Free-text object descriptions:
▬▬▬▬▬▬

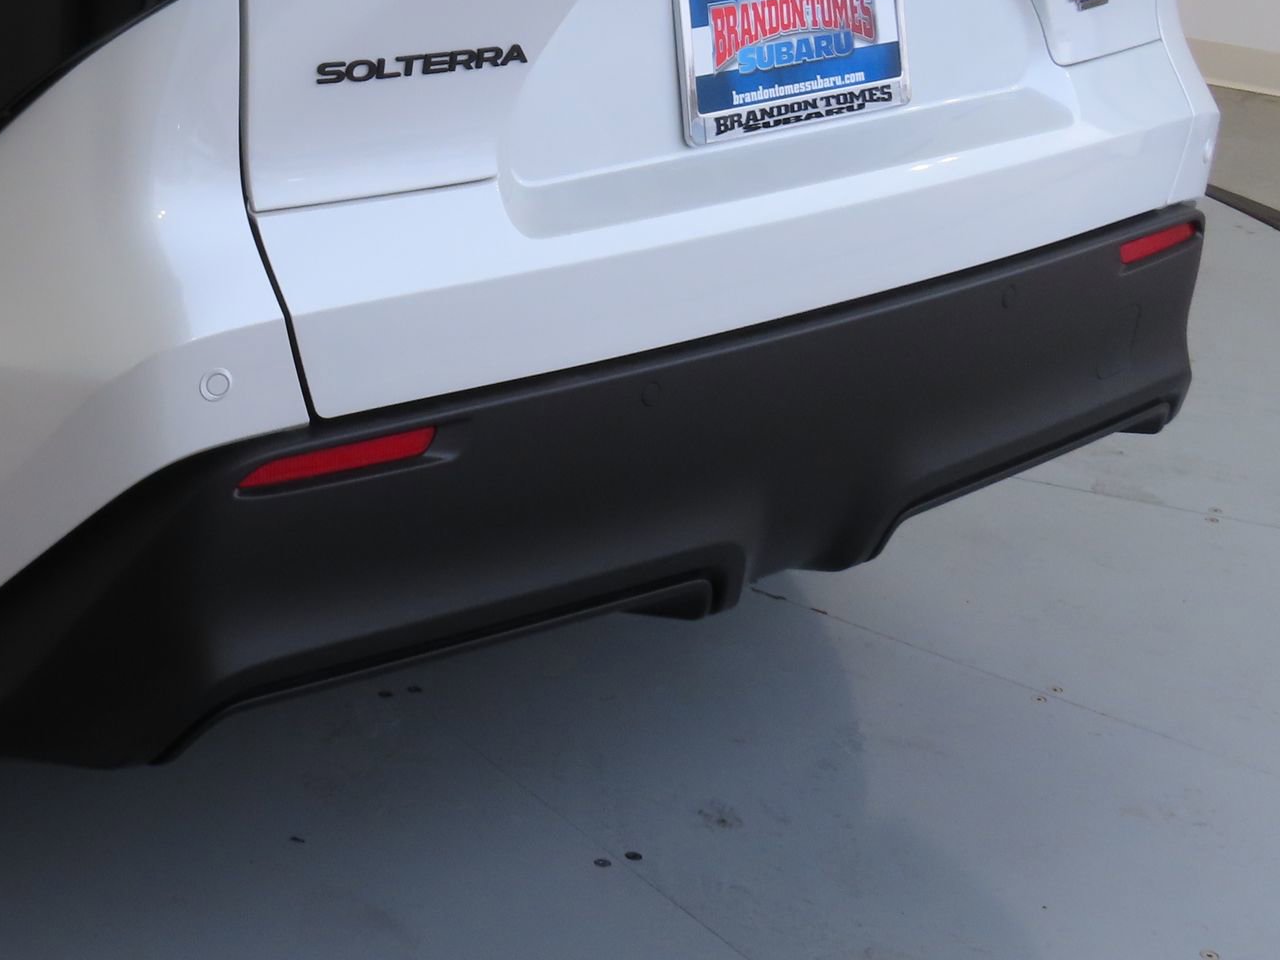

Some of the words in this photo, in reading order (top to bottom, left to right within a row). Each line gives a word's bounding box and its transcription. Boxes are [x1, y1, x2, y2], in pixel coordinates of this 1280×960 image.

[316, 44, 528, 84] SOLTERRA
[738, 31, 854, 73] SUBARU
[732, 72, 865, 105] brandontomessubaru.com
[714, 97, 818, 135] BRANDON
[821, 84, 892, 106] TOMES
[743, 102, 866, 133] SUBARU
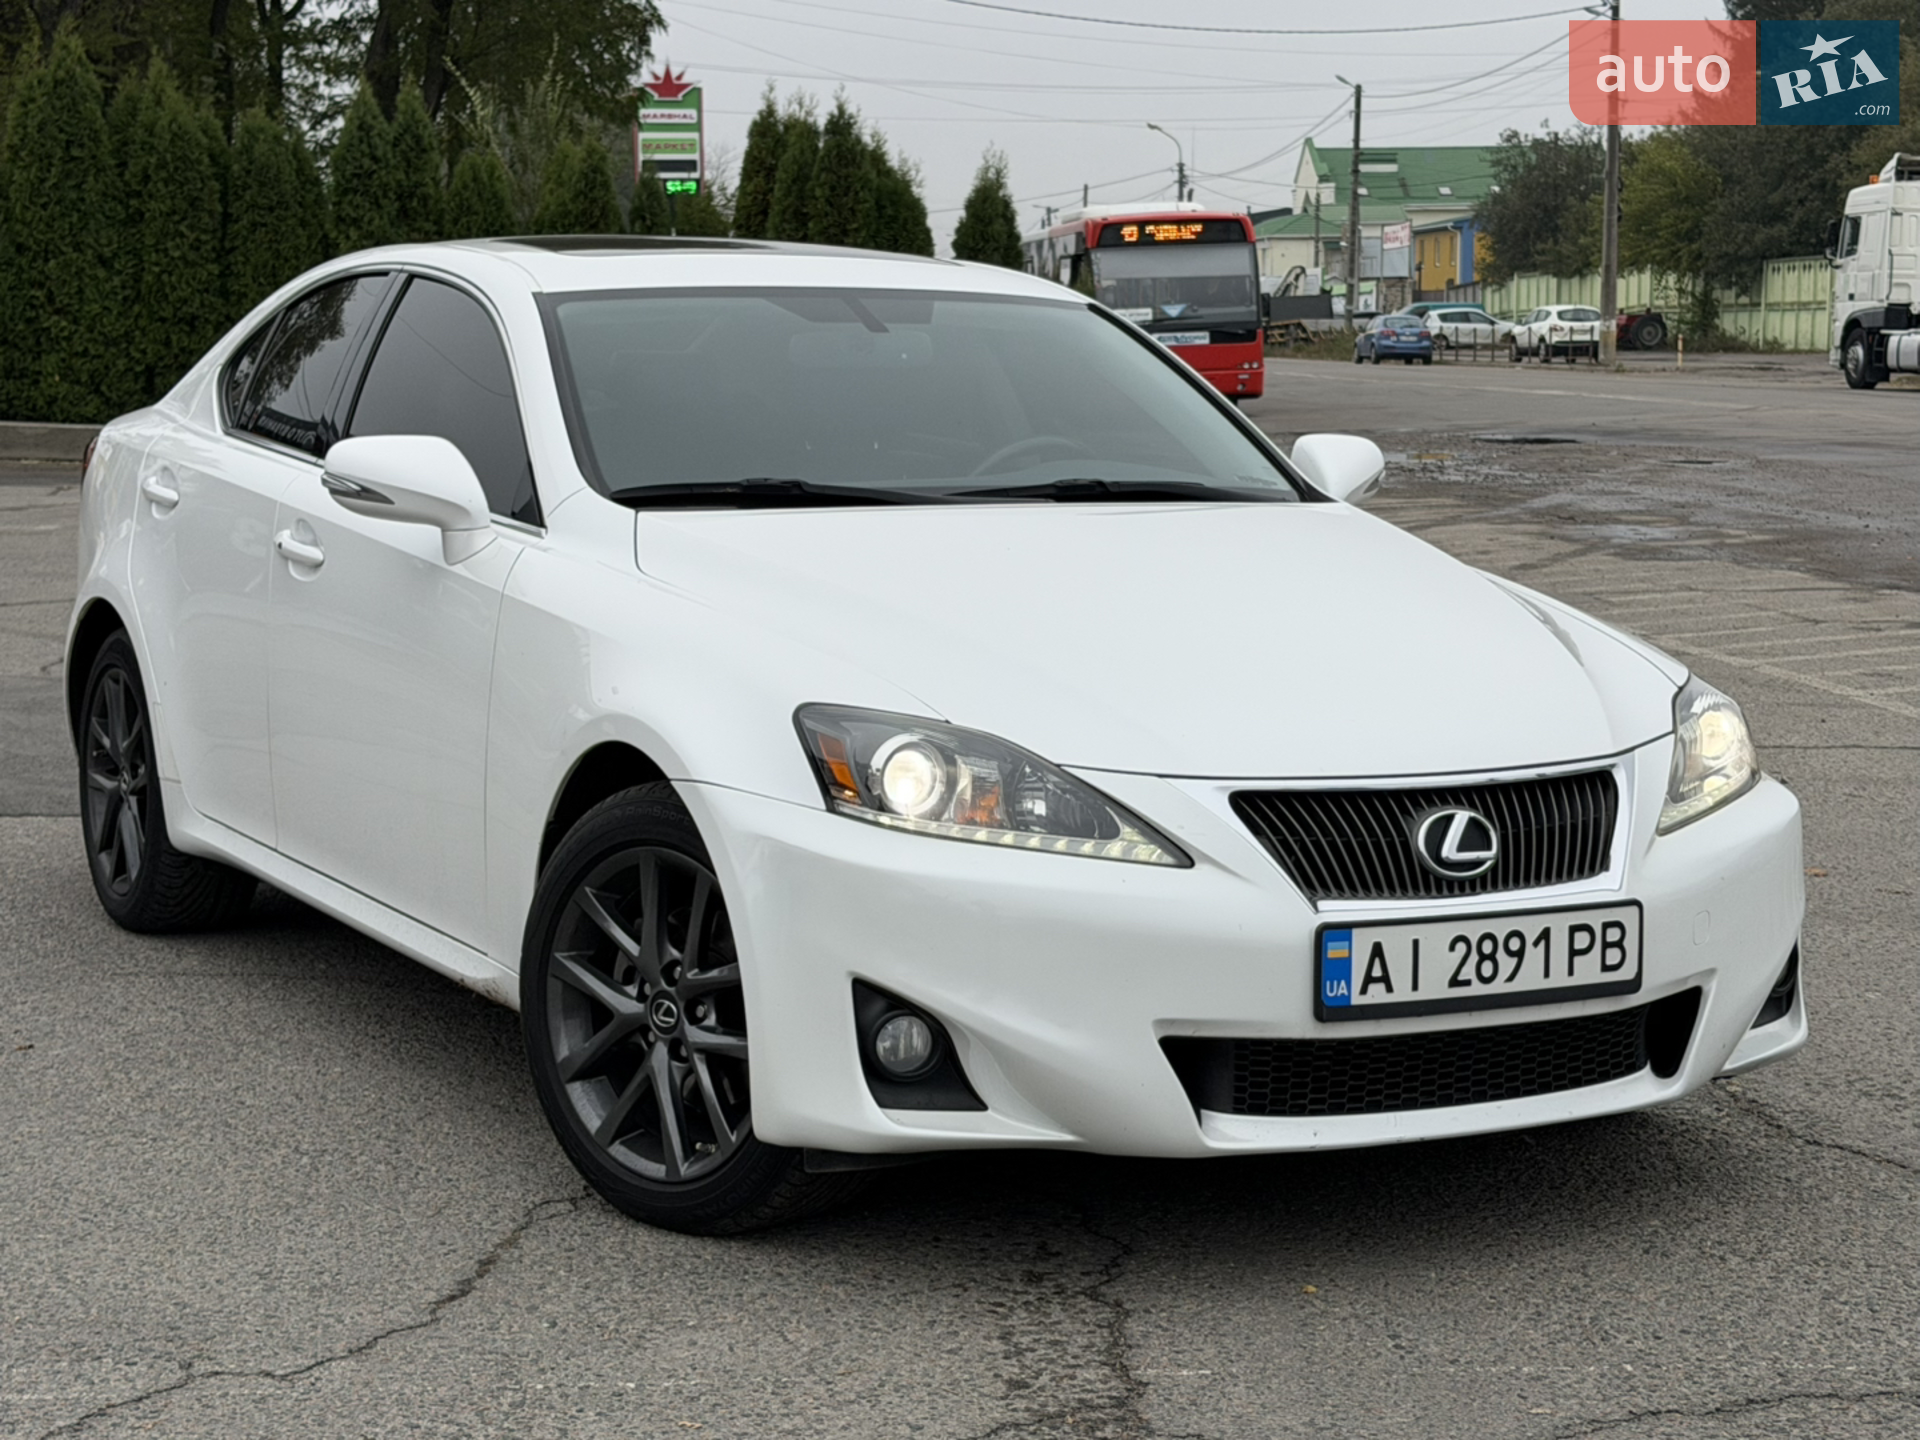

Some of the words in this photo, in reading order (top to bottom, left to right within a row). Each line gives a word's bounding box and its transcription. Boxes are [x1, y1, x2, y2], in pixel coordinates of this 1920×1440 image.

[641, 112, 695, 121] MARSHAL
[641, 142, 696, 151] MARKET
[1359, 938, 1420, 996] AI
[1447, 925, 1551, 989] 2891
[1566, 919, 1627, 977] PB
[1326, 979, 1349, 997] UA

▬▬▬▬▬▬

Could every line above be set down exactly, with the pictures omitted?

→ **Task result**
Some of the words in this photo, in reading order (top to bottom, left to right within a row). Each line gives a word's bounding box and its transcription. Boxes are [x1, y1, x2, y2], in pixel coordinates of this 1280×960 image.

[316, 44, 528, 84] SOLTERRA
[738, 31, 854, 73] SUBARU
[732, 72, 865, 105] brandontomessubaru.com
[714, 97, 818, 135] BRANDON
[821, 84, 892, 106] TOMES
[743, 102, 866, 133] SUBARU

Some of the words in this photo, in reading order (top to bottom, left to right within a row). Each line gives a word's bounding box and its transcription. Boxes are [x1, y1, x2, y2], in pixel coordinates of this 1920×1440 image.

[641, 112, 695, 121] MARSHAL
[641, 142, 696, 151] MARKET
[1359, 938, 1420, 996] AI
[1447, 925, 1551, 989] 2891
[1566, 919, 1627, 977] PB
[1326, 979, 1349, 997] UA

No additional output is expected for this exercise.